Ten years ago today, I sat confused.
Ten years ago today, I sat scared.
Ten years later, and I still remember everything. I remember hearing the news anchor yelling that the first tower was falling. I remember my teacher hiding her tears, because she feared for her son's life. I remember being scared that I may never see my father again.
But I did. No one I personally knew died that day. My sister's friend had a volleyball game and begged her dad to take off of work and watch. He lived. My cousin's uncle was away on a last-minute business trip, he lived. My teacher's son had time for a coffee, and so he lived.
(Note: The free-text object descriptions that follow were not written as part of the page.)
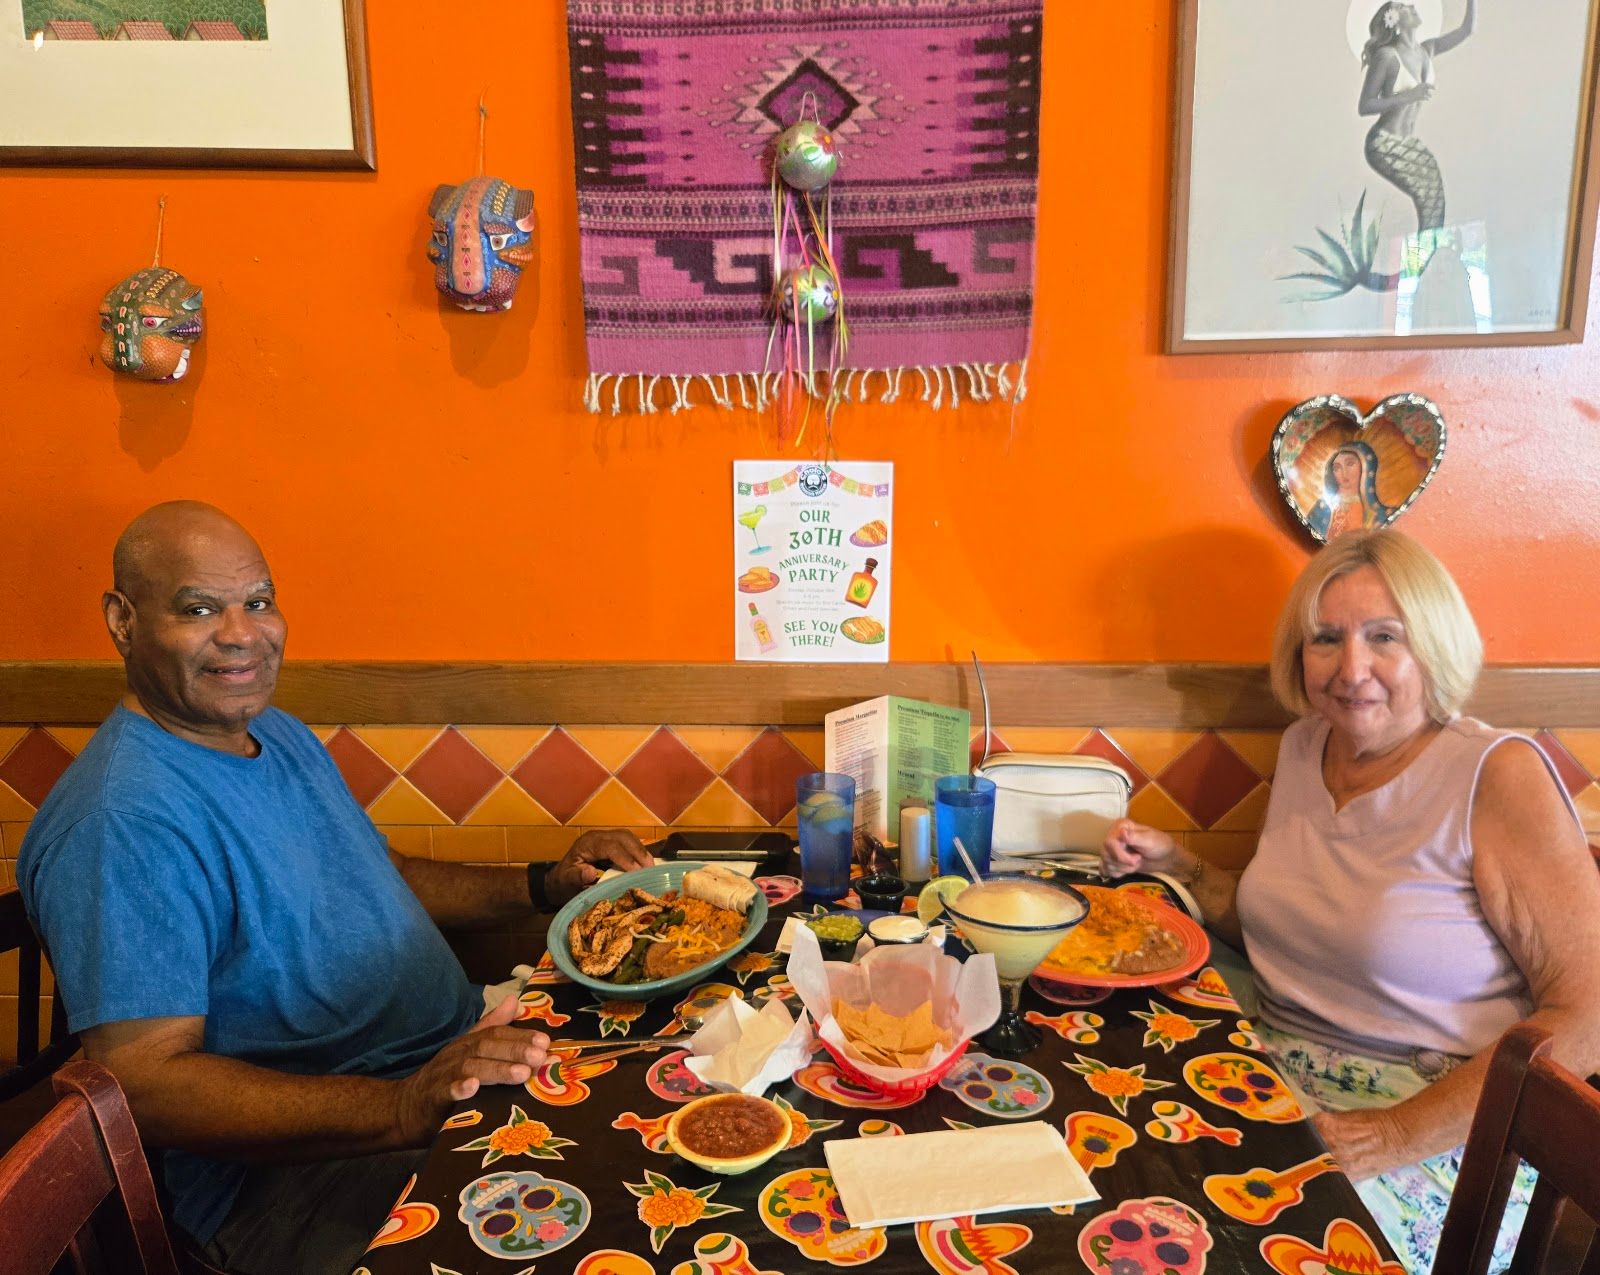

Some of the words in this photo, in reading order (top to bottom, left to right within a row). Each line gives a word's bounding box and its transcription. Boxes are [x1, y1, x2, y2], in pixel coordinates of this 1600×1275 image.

[799, 510, 831, 524] OUR
[789, 527, 842, 550] 30TH
[778, 553, 850, 571] ANNIVERSARY
[788, 568, 839, 583] PARTY
[784, 620, 805, 634] SEE
[811, 620, 838, 634] YOU
[789, 634, 836, 648] THERE!
To everyone who reads this blog and did not live in the tri-state area that day: you have no idea what it was like for us.
Many of my English friends/acquaintances asked me to re-live that day because they were curious. I cried every time I told my story.
My father took us to see the smoke that night. I could not believe. That smoke lasted for days, maybe even a few weeks, I can't remember anymore. I have only been to the area once, last summer. And I cried.
I have no idea how to convey how SCARED I was that day. That is what makes me cry. What continues to make me cry is the men and women who died, the children who will never meet their fathers, and the soldiers who are so brave to fight for my life and freedom.
One thing that PISSES ME OFF is that people who weren't here on that day, try to say they were equally effected. News flash: you weren't. You may have been scared for our nation, for the terrorism that was so real, but you don't know how it felt that day to worry about so many mother's and father's lives. I live very close to NYC. Commuter close. Many of my friends, including my father, commute into NYC on a daily basis. More than half of my classmates were worrying about their parents. Even if we knew they didn't work in those buildings, we didn't know where they were. Cell phones weren't that big in 2001. My father had one, but cell phones were not working that day.
So please, remember 9/11 for what it was and how it shaped not only our nation, but the world, remember those who died in the planes and in the towers, remember those who died trying to save lives, remember the soldiers who fought for us, remember the soldiers who found and killed Osama Bin Laden, remember the children who grew up without a father or mother, remember that everyone's experience of that day is different and yours is just as unique as mine. Don't exploit it.
And please, remember that this was MY city being attacked. I live 20 miles away from the World Trade Center site. 20 miles. That's not far, at all. I was scared for my life and I continue to be scared. For months after the attack, military was placed at the Lincoln Tunnel, the George Washington Bridge, and still, there are two military people in Penn Station. That I passed and smiled at EVERY TIME I go into NYC. I live somewhere where terrorists want to attack. I live somewhere that a nuclear bomb could hit, and I could be effected. It scared 12-year old me then and it scares me now more than ever.
In more sad news, two years ago today, I flew to England to start the best year of my life. I felt it was a pretty safe day to fly because lightning doesn't strike twice, and security would probably be more strict. I am such a different person now than I was then. and I absolutely love everyone who has walked into my life and made it better. Without you guys, I would not be who I am.
I love you all, my beautiful friends. You mean everything to me.
and I honestly mean that with all my heart and with all my soul.